Twenty one f^^king years old, and he still couldn’t stand up to his father. He couldn’t fight back. He tried so many times, but any time he tried, it only got worse. As a child he begged. As a teenager, he fought and tried to resist. Nothing worked, nothing made it easier, nothing stopped it. The most he could do was let his shirt fall to the floor so it wouldn’t be ruined in the process, and brace himself against the wall.
He was weak. He didn’t deserve Addie. She deserved more than a weak child who couldn’t stand up to his own father. How had he even thought he could be a good husband for her? He was nothing. It was his fault she was gone. His fault that she didn’t want him. All of it was his fault. Everything always was. He knew it. His father knew it. The scars on his back proved it.
He almost didn’t notice his father’s continued words as the crack of the belt sounded in Leo’s ears. Pain followed, stinging on his back, burning more with the second hit.
He was broken, weak, worthless, undeserving, alone. Maybe it was better that Addie wasn’t his anymore. His only true skill was that of f^^king everything up. He lost her, maybe that was better than them getting married and him finding a way to f^^k up even worse and get her hurt in the process. His father didn’t approve of everything she was wanting to do, all the things Leo wanted to help her do, anyway. Maybe it was better that he wouldn’t try to stop Addie. Harry would help her reach for the stars. Leo’s father would have no reason to be angry that Leo wanted Addie to succeed if they weren’t together.
Leo felt the warmth of blood begin to run down his back. The buckle of his father’s belt had hit his back with enough force to split the skin. Again, Leo felt the slicing pain, just before his legs finally gave out and he found himself on his knees.
He didn’t have to even register what words came out of his father’s mouth. The meaning was clear. Leo was the problem. It was his fault, like always. If it wasn’t for his words, his actions, none of it would’ve happened. If he hadn’t f^^ked up, yet again, his father wouldn’t have gotten angry. Leo knew it, yet he still found every opportunity to anger him. It was like he’d never learn.

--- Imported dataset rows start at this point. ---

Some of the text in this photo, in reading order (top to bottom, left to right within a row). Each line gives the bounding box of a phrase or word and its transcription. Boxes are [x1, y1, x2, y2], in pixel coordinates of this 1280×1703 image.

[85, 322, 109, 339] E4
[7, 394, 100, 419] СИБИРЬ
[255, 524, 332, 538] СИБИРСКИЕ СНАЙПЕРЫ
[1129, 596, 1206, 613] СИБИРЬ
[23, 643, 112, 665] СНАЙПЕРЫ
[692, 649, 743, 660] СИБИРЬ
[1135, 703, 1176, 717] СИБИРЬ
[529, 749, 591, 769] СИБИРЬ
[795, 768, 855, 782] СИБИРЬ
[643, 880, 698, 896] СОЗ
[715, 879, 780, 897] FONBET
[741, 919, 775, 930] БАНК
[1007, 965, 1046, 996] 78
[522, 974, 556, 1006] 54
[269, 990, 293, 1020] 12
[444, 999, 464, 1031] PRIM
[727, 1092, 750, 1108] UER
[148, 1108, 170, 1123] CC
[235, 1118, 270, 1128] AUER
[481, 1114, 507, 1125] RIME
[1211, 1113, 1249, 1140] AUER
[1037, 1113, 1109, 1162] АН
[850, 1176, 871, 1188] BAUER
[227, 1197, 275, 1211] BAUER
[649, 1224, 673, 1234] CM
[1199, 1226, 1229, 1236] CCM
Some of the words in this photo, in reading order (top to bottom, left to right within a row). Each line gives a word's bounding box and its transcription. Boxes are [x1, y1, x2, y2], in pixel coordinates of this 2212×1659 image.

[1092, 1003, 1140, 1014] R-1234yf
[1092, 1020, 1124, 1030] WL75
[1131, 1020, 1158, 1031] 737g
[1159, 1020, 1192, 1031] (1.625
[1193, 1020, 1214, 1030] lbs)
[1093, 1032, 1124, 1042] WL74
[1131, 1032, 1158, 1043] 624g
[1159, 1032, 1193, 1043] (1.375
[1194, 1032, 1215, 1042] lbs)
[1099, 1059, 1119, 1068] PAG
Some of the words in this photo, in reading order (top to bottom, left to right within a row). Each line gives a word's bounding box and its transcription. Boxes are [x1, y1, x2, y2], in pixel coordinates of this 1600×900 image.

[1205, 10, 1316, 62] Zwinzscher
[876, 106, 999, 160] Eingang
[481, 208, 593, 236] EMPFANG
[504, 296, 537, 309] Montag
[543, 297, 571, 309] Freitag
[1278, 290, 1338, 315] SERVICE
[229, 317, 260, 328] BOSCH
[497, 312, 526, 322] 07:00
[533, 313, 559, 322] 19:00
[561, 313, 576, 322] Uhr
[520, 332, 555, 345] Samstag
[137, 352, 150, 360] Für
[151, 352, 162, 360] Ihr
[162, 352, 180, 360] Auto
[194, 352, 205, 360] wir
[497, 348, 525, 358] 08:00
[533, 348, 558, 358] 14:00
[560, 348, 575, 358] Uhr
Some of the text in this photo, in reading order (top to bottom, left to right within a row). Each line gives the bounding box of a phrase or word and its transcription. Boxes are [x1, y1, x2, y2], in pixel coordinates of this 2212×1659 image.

Leo had no idea how long it was before his father finally stopped, the snap of the belt still repeating endlessly in his ears. “This all could have been avoided, Leonardo, if you would’ve just listened and did what you were told.” Leo winced as his body finally began to relax, knowing there wouldn’t be any more contact. He crumpled to the floor, lying there until he could no longer hear his father’s footsteps.
Uneasily, he stood on shaking legs and carefully walked to his bathroom. He was merely able to rinse off the blood that dripped down his arm, from his shoulder, before he turned to collapse onto his bed. He couldn’t bear to look at his reflection. He wasn’t the man Addie wanted. He was worthless, nothing, a coward. He couldn’t do anything right, even when it mattered most.